Os meus olhos emocionaram-se. Os Amores verdadeiros reconhecem-se assim: na
ternura que espalham no ar circundante; nos gestos que aprendemos desde cedo,
como lançar beijos para o ar; ou num sorriso iluminado. Não precisa de palavras,
a ternura de um Amor reconhece-se facilmente pois aconchega quem está por perto.
Há cerca de oito anos, quando a distância geográfica tornava as
semanas intermináveis, o meu companheiro enviou-me a seguinte mensagem: “Vi um pôr-do-sol
lindíssimo, guardei-o para ti”. Guardou-o na retina e na câmara fotográfica. Nunca
cheguei a ver a fotografia porque aquela mensagem tinha tudo o que eu poderia
querer. Esta é a sua forma pura, verdadeira e singela de Amar. Sei-o porque
para ele a vida é perfeita simplesmente porque existe o Sol, a água, o vento,…,
ensinou-me como nos encontramos connosco quando os elementos nos tocam. Trouxe
leveza para a minha vida e é assim que nos vamos construindo.

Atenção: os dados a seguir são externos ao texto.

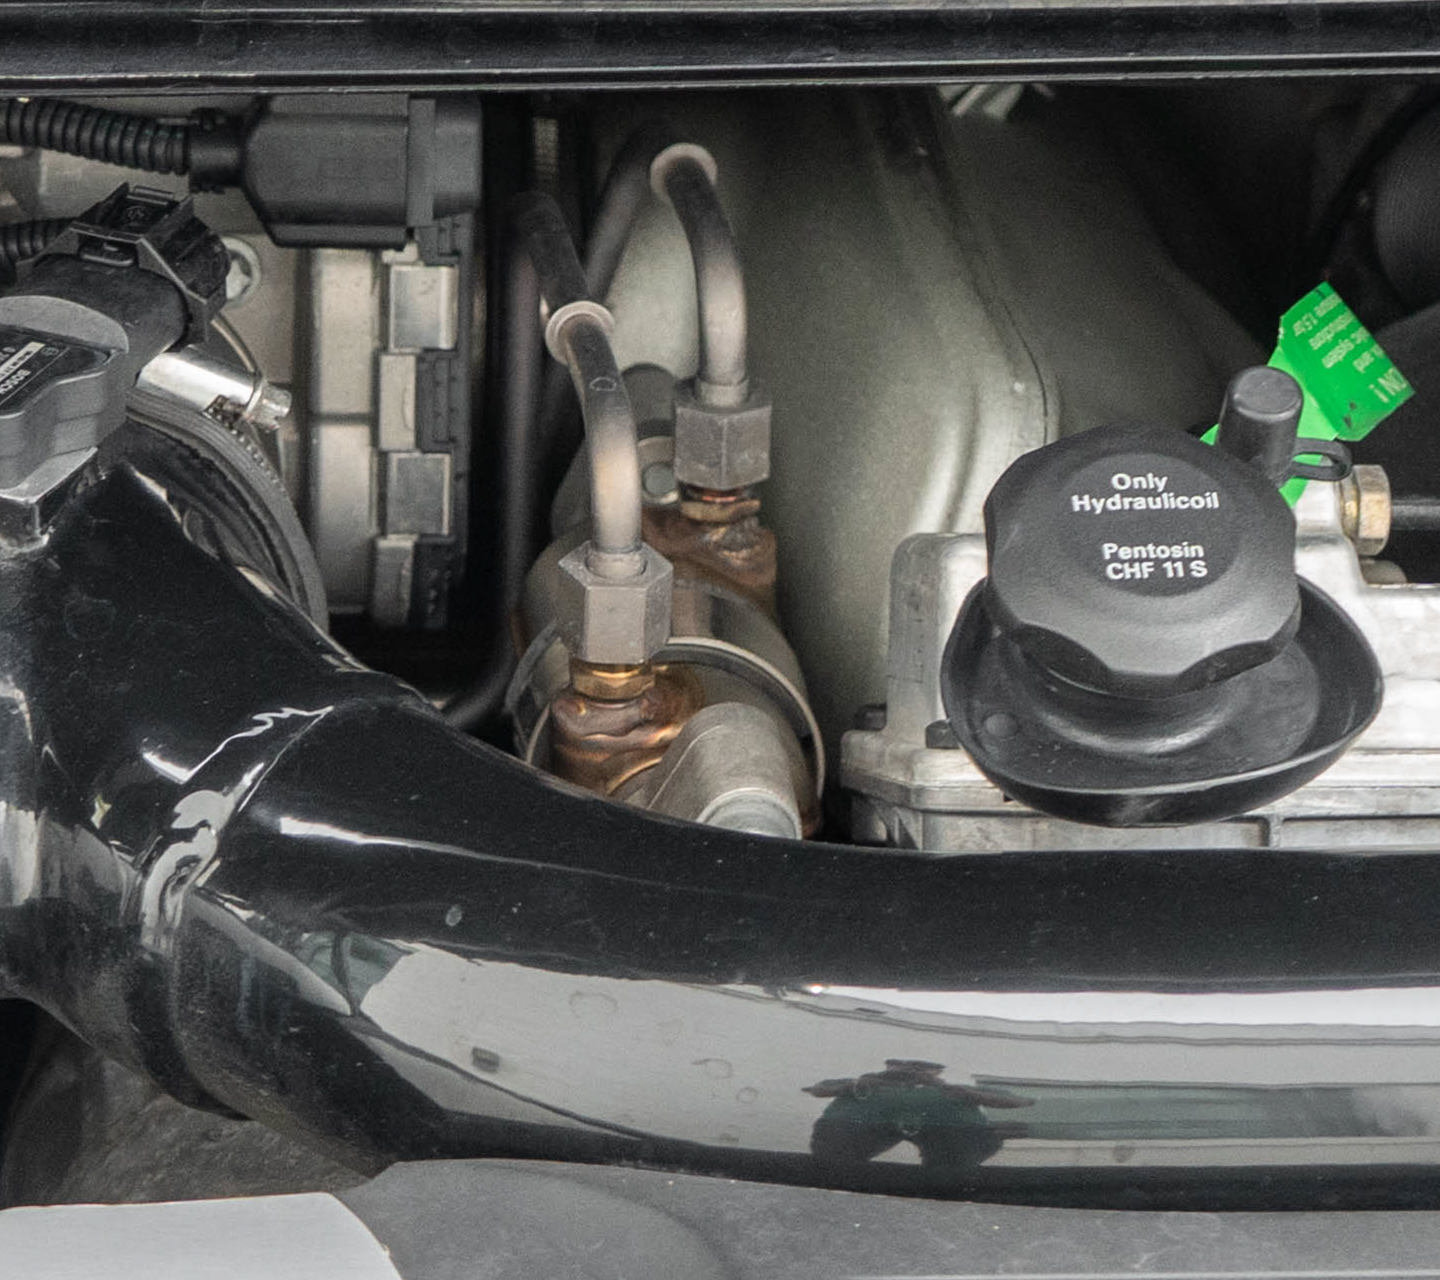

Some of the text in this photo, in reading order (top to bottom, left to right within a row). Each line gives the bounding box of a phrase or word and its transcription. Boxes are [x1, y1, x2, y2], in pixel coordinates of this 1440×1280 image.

Ontem partilhámos um novo pôr-do-sol lindíssimo. Desta vez de mão dada, sem
qualquer distância geográfica ou mental a contrariar o momento. Lembrei-me da
mensagem que ele me tinha enviado há oito anos atrás. Essa recordação trouxe
mais sabor ao momento.
Lembrei-me como nos segurámos um ao outro quando os tumultos vertiginosos
do Amor testaram a nossa resistência. Essa certeza tornou o momento eterno.
Vimos aquele pôr-do-sol lindíssimo com os poros das nossas mãos a fazerem as
trocas iónicas necessárias para as células se manterem vivas. Tal como tivemos
a coragem de encarar todas as trocas essenciais para dar vida ao nosso Amor. Ao
contrário dos gatos, o Amor tem vertigens! Os gatos talvez não tenham vertigens
porque a sua estrutura quase elástica não os faz temer a queda. O Amor
verdadeiro tem muitas vertigens, porque conscientemente tem medo da queda. Mas
o que talvez diferencie um Amor seja a capacidade de nos apararmos nas quedas.
Não sei se o nosso Amor nos vai permitir uma união de quase seis décadas,
se um dia estaremos a cuidar um do outro como aquele casal que hoje emocionou
os meus olhos. No entanto, sei que o nosso Amor tem vertigens, cai e fratura-se
muitas vezes mas nunca quebra.
Obrigada, João. Abraço.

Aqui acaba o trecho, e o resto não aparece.